Betty Woodman (1930–2018) | American artist Betty Woodman, best known for her brightly painted ceramic sculptures, has died aged 87. Her artistic career spanned from 1950, when she graduated from Alfred University’s School for American Craftsmen, and in 2008 her work was subject to a retrospective at the Metropolitan Museum of Art. Two years later in 2010 a documentary, The Woodmans, chronicling the lives of Betty, her husband the artist George Woodman and their two children (electronic artist Charles Woodman and photographer Francesca Woodman), was released. However, it was not until 2016 that Woodman received her first solo exhibition in the UK, at London’s ICA.

La Salle University announces plan to sell works from its art collection | Philadelphia’s La Salle University has announced that it plans to sell off 46 works from the collection of its art museum in order to help fund teaching and learning initiatives. According to the Philadelphia Inquirer, the university has ‘struggled to plug a projected deficit’, and hopes to raise more than $7m from the sale of works by artists including Ingres, Albert Gleizes and Elisabeth Frink. The announcement has been met with criticism, with the local arts community expressing shock at the proposed sale. A spokesperson for the university described the decision as ‘a strategic and good use of our assets’.

Lahore Biennale confirms March opening date | After months of ambiguity over its future, the inaugural Lahore Biennale is confirmed to be opening in March of this year, with several new advisory appointments also now announced. Following the resignation of Rashid Rani, the event’s artistic director, last September, it had previously been unclear whether the Biennale would take place at all. However, a list of participating artists and venues has yet to be announced.

Museums Association calls for exemption on ivory ban for UK museums | In response to a proposed ban on elephant ivory, the Museums Association has called for a licensing system similar to that currently imposed on firearms. The association’s suggestion would see any ivory objects of ‘significant artistic, cultural or historical value’ in the collections of accredited UK museums exempted from the ban.

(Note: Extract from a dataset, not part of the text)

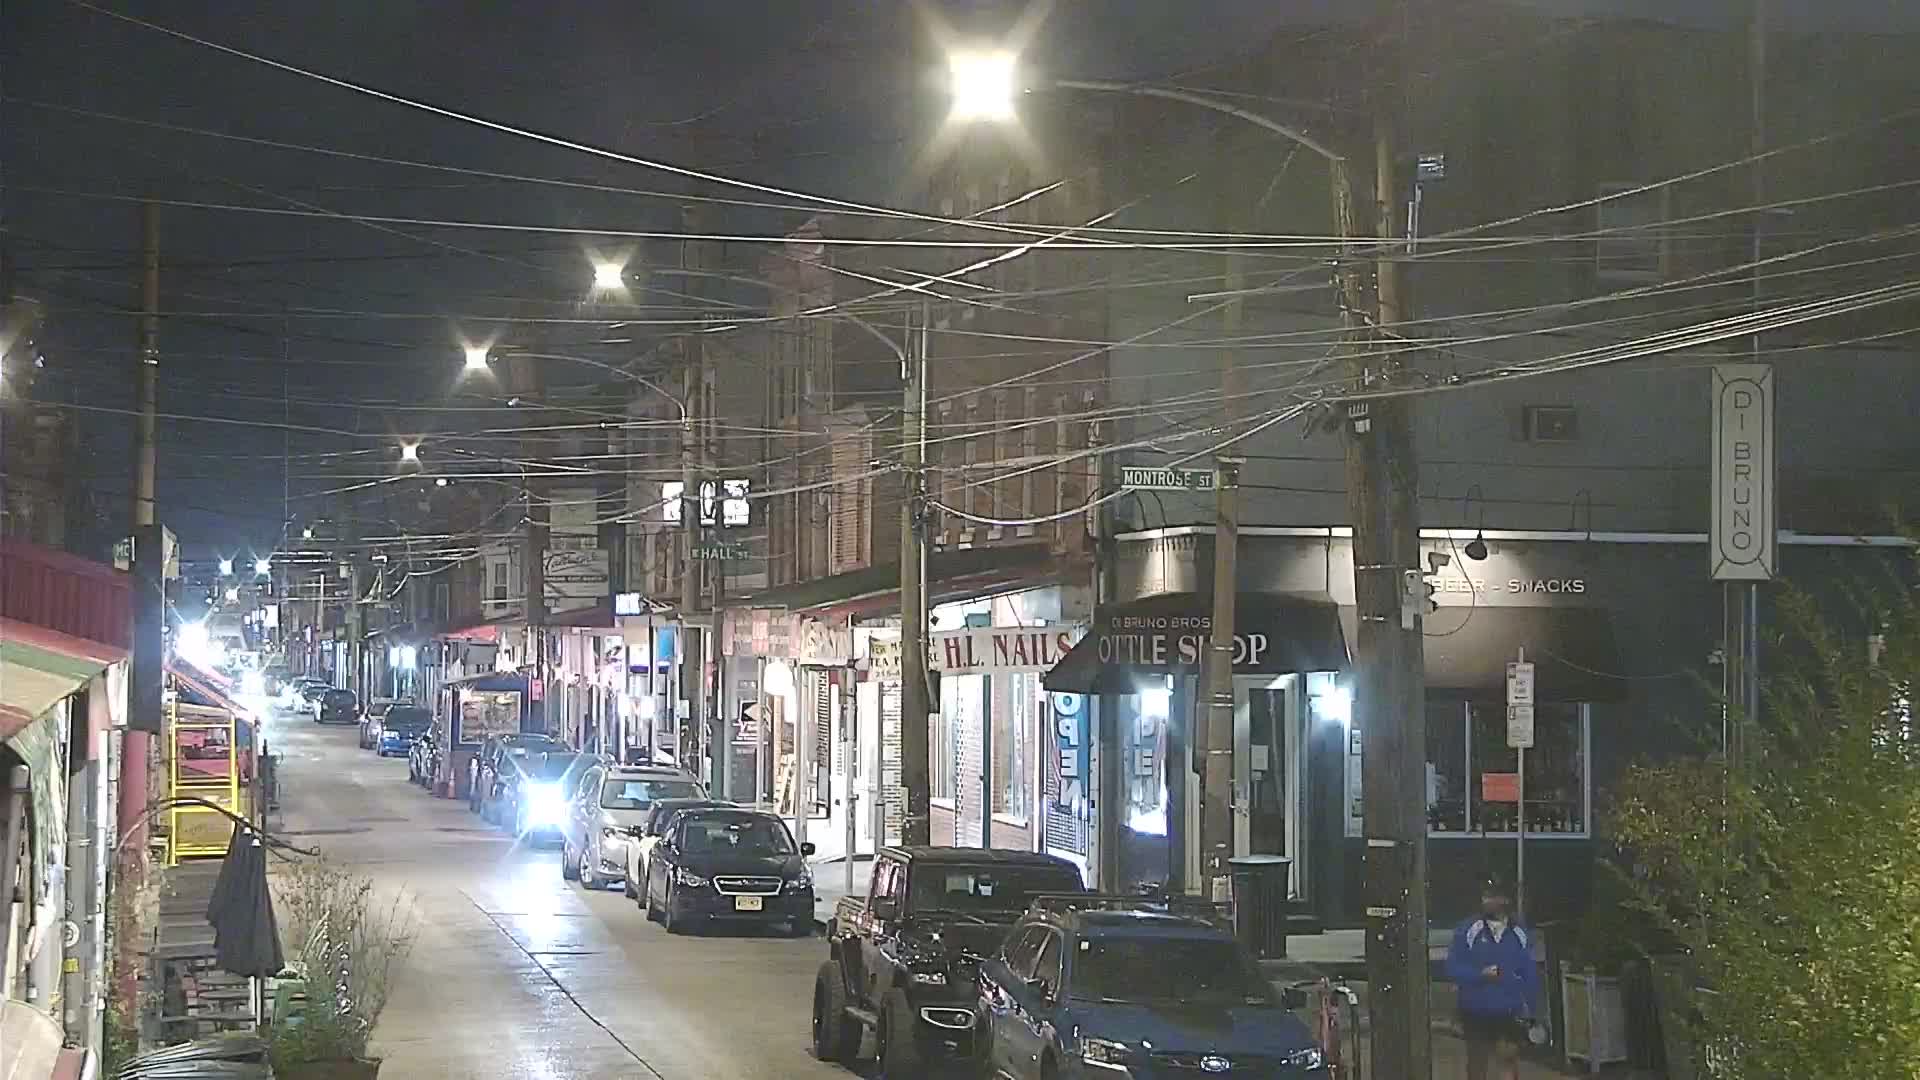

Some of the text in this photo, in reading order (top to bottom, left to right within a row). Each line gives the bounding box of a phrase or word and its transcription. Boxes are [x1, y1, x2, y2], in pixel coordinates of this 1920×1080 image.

Thorsten Sadowsky is appointed director of Salzburg’s Museum der Moderne | Kirchner Museum Davos director Thorsten Sadowsky has been named as the next director of the Museum der Moderne Salzburg. Sadowsky, who previously led both Denmark’s Kunsthalle Aarhus and the Museum Kunst der Westküste on the island of Föhr, will succeed Sabine Breitwieser, who has directed the Salzburg institution since 2012. He will take up the position in September 2018.